**Input**
╔══
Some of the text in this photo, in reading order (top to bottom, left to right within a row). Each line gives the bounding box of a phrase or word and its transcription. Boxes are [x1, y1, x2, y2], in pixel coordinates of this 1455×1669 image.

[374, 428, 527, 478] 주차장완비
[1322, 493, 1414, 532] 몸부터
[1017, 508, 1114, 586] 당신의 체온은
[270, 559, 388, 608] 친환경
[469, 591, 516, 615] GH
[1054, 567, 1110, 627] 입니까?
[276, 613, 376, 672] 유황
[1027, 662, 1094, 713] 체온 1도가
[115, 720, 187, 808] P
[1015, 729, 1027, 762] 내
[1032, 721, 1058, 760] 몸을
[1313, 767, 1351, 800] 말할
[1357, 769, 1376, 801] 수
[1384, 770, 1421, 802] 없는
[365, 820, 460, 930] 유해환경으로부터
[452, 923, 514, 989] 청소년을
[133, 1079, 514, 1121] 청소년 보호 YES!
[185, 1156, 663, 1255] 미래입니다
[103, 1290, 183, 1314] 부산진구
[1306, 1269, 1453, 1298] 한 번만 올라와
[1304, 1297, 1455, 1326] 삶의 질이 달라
╚══
**Problem**
Repeat every record exactly as written, please.

**Output of the exercise**
Some of the text in this photo, in reading order (top to bottom, left to right within a row). Each line gives the bounding box of a phrase or word and its transcription. Boxes are [x1, y1, x2, y2], in pixel coordinates of this 1455×1669 image.

[374, 428, 527, 478] 주차장완비
[1322, 493, 1414, 532] 몸부터
[1017, 508, 1114, 586] 당신의 체온은
[270, 559, 388, 608] 친환경
[469, 591, 516, 615] GH
[1054, 567, 1110, 627] 입니까?
[276, 613, 376, 672] 유황
[1027, 662, 1094, 713] 체온 1도가
[115, 720, 187, 808] P
[1015, 729, 1027, 762] 내
[1032, 721, 1058, 760] 몸을
[1313, 767, 1351, 800] 말할
[1357, 769, 1376, 801] 수
[1384, 770, 1421, 802] 없는
[365, 820, 460, 930] 유해환경으로부터
[452, 923, 514, 989] 청소년을
[133, 1079, 514, 1121] 청소년 보호 YES!
[185, 1156, 663, 1255] 미래입니다
[103, 1290, 183, 1314] 부산진구
[1306, 1269, 1453, 1298] 한 번만 올라와
[1304, 1297, 1455, 1326] 삶의 질이 달라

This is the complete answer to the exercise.